A Manhattan federal decide has blocked the federal authorities from ending congestion pricing earlier than the top of an ongoing lawsuit — issuing a preliminary injunction towards Transportation Secretary Sean Duffy and the U.S. Division of Transportation on Wednesday.
The order, issued by Choose Lewis Liman, comes at some point after he issued a short lived restraining order within the case, blocking any such motion for 2 weeks.
The injunction indefinitely prevents Duffy or his company from appearing on their claims that they will unilaterally revoke authorization toll — and blocks any of the so-called “compliance actions” Duffy has threatened — till Liman guidelines on the legality of USDOT’s efforts to finish the congestion pricing program.

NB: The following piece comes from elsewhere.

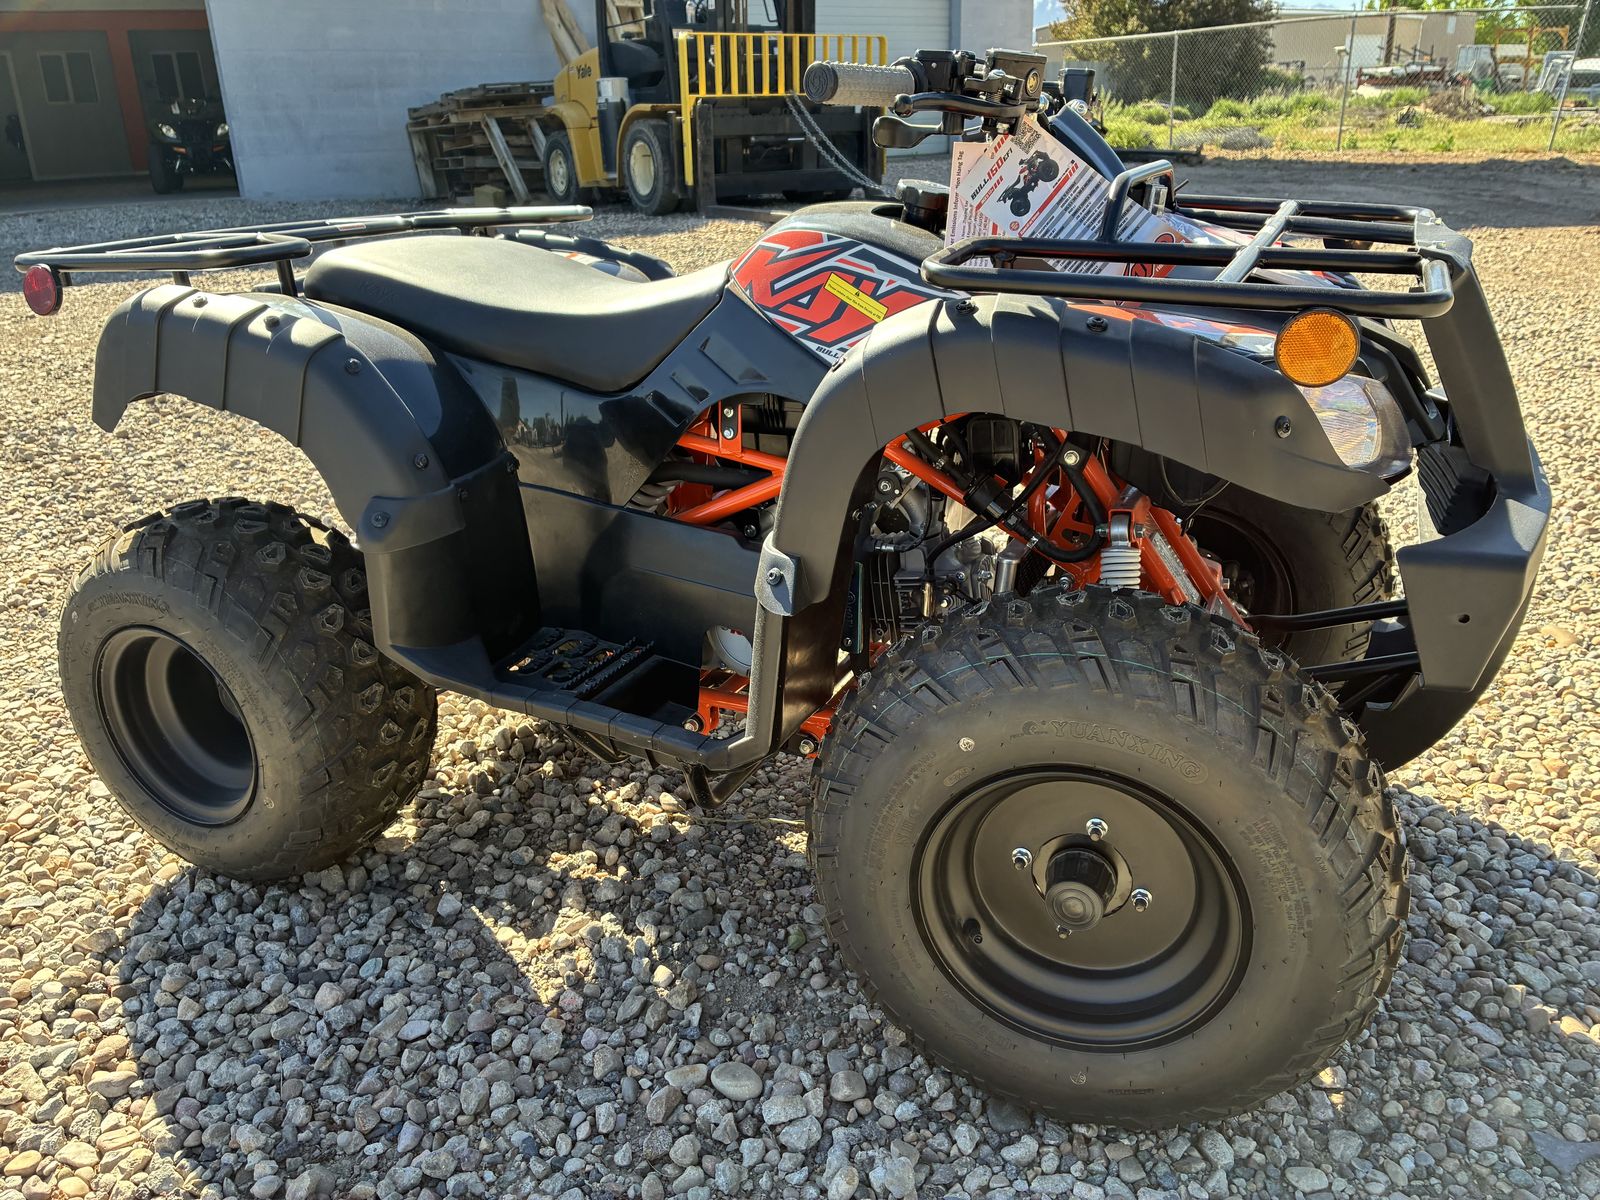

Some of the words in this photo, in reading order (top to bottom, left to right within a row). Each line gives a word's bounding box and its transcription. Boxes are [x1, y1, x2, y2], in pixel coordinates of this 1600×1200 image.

[575, 63, 592, 79] Yale
[814, 345, 841, 360] BULL
[1049, 720, 1202, 782] YUANXING
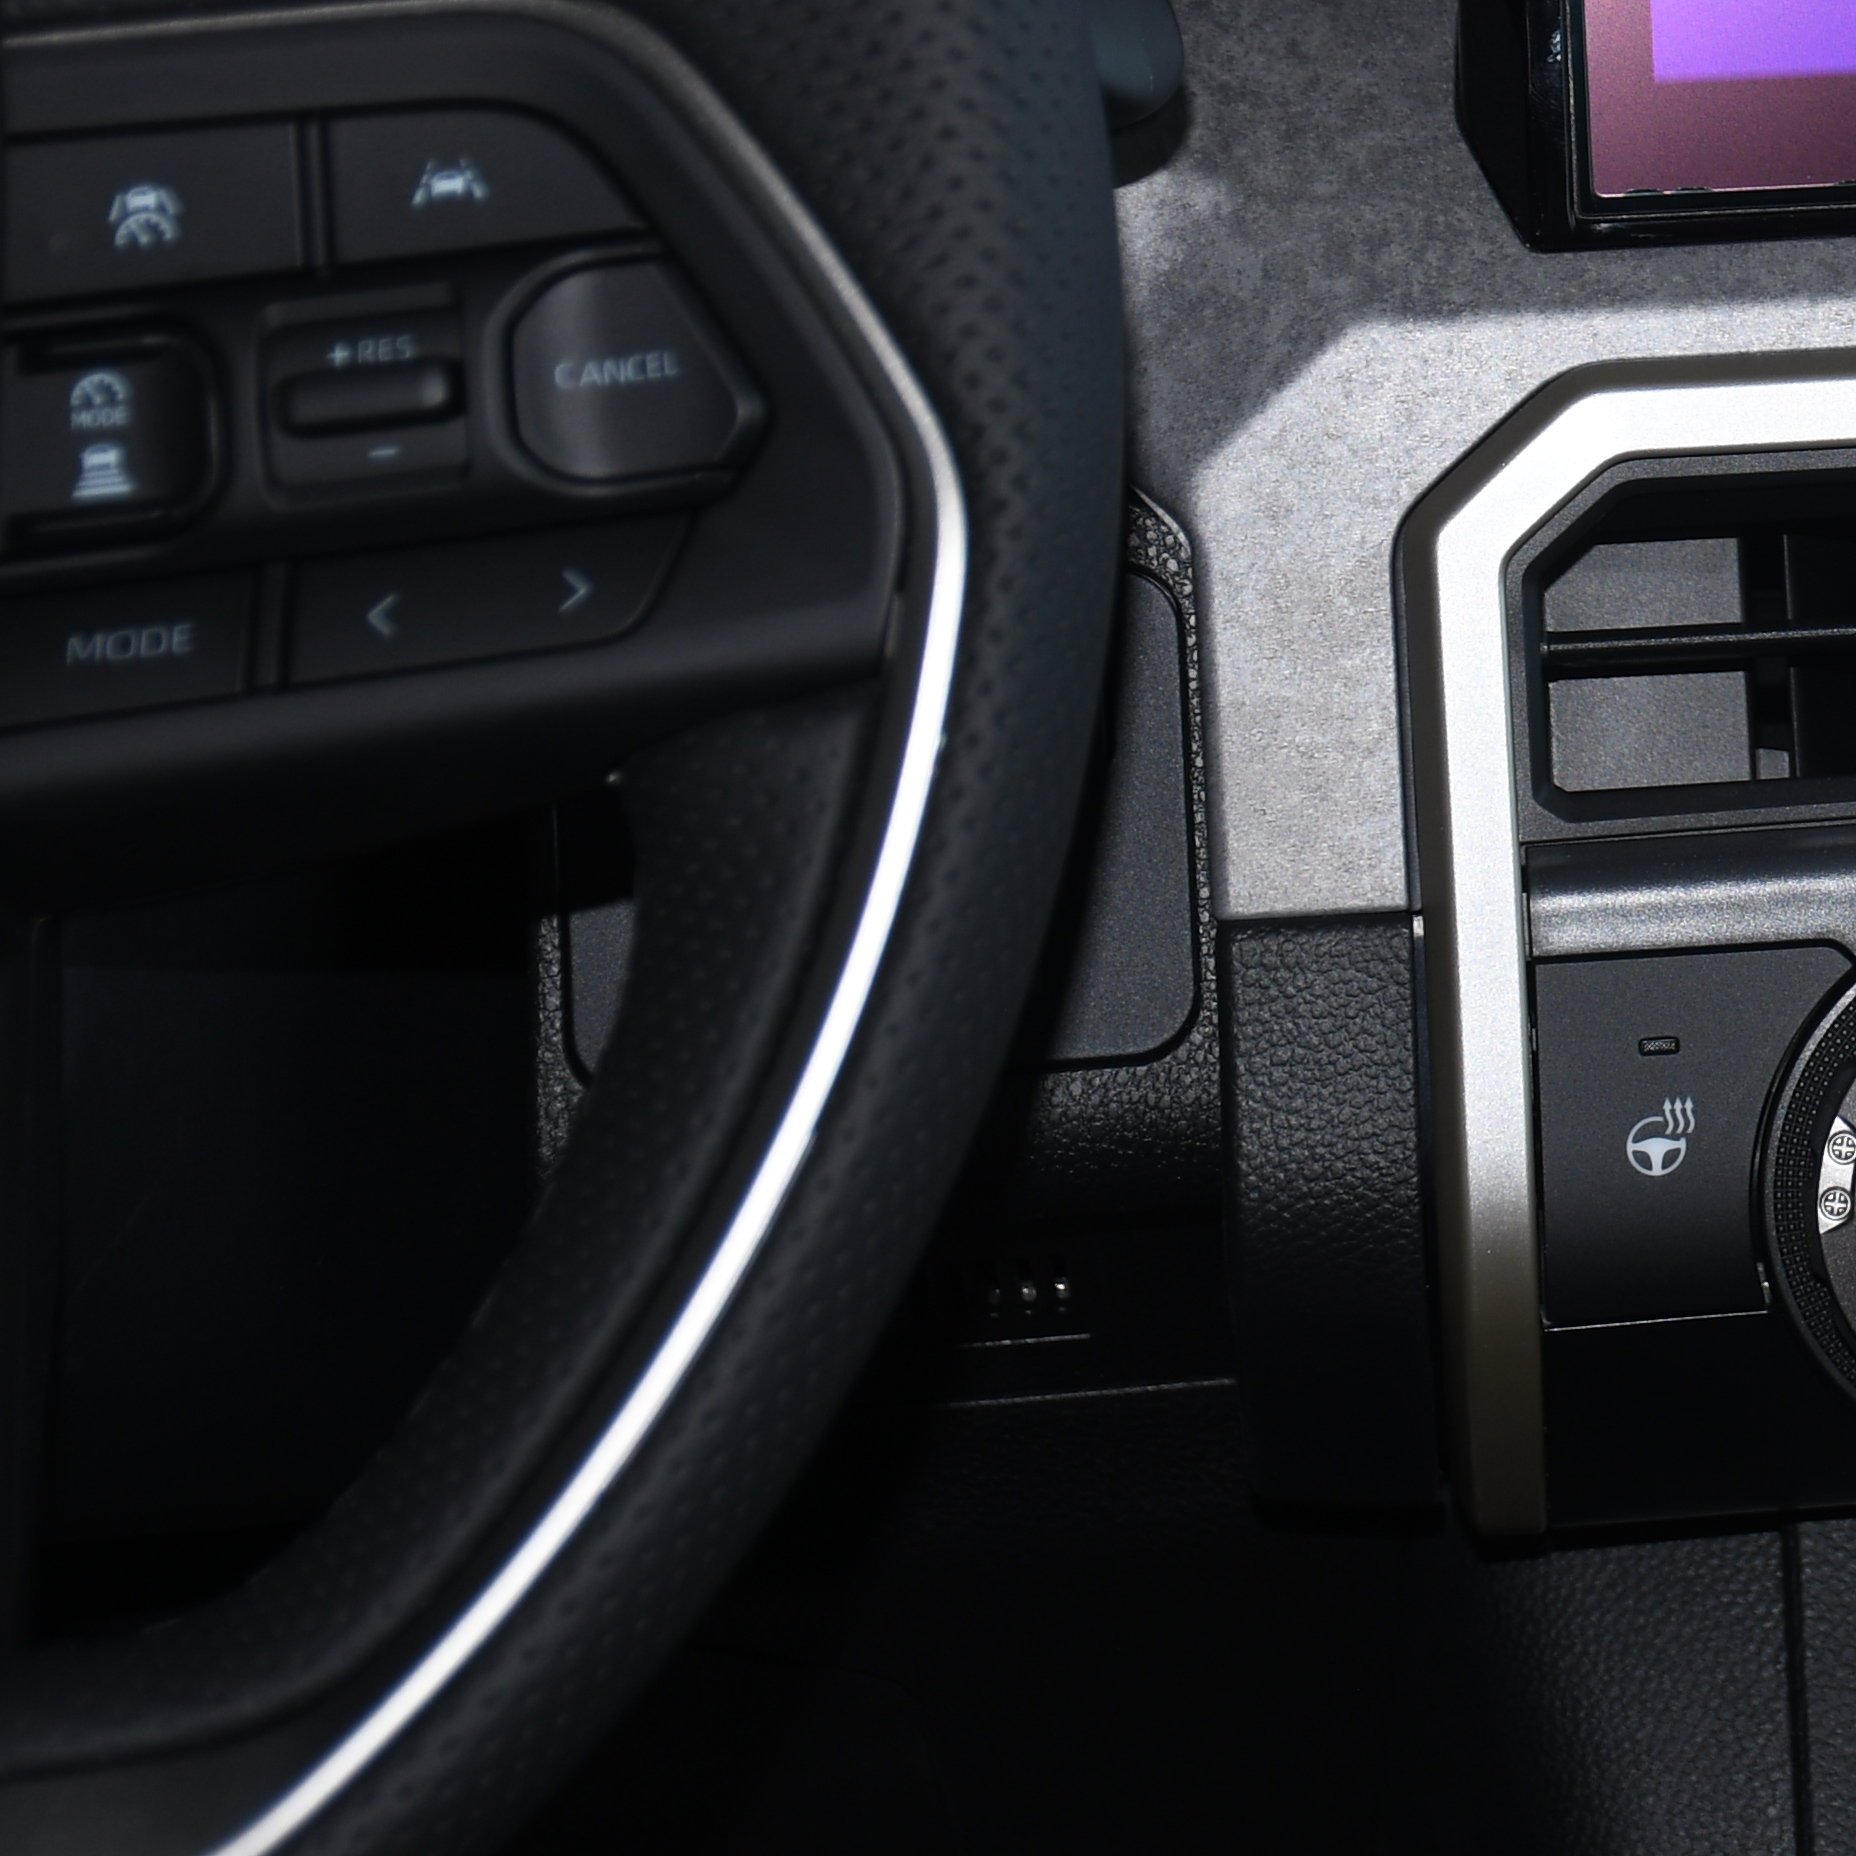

“For the avoidance of doubt, [Duffy and the USDOT] are enjoined from taking any of the“compliance measures” … together with withholding federal funds, approvals, or authorizations from New York state or native businesses to implement compliance with or implement … [their] purported termination of the Tolling Program,” the 109-page order concludes.
Talking to reporters shortly after the order was filed Paige Graves, MTA’s normal counsel, mentioned she hadn’t but learn the injunction in full.
The congestion toll first started in January — a requirement of New York State’s 2019 Visitors Mobility Act, meant to each scale back congestion and again $15 billion in bonds towards particular MTA tasks.
Duffy first claimed the authority to unilaterally finish the toll weeks later, in February. When the MTA sued, Duffy gave Gov. Hochul a March 21 deadline to finish the toll. Duffy then prolonged the deadline to April 20, then to Might 21.
Because the toll remained in place on Might 21, Duffy — in a letter to Hochul — threatened to withhold federal funds for any freeway mission in Manhattan, refuse to approve Manhattan tasks underneath the Nationwide Environmental Coverage Act, and refuse to greenlight any funding amendments from the New York Metropolitan Transportation Council — until Hochul ended the toll.
In issuing Tuesday’s restraining order, Liman mentioned New York stood to undergo irreparable harms from the feds’ calls for, together with the “delay of numerous public works projects,” “harm to the bond market” and the “undermining [of] the authority of a sovereign state” that had democratically handed the regulation requiring the toll.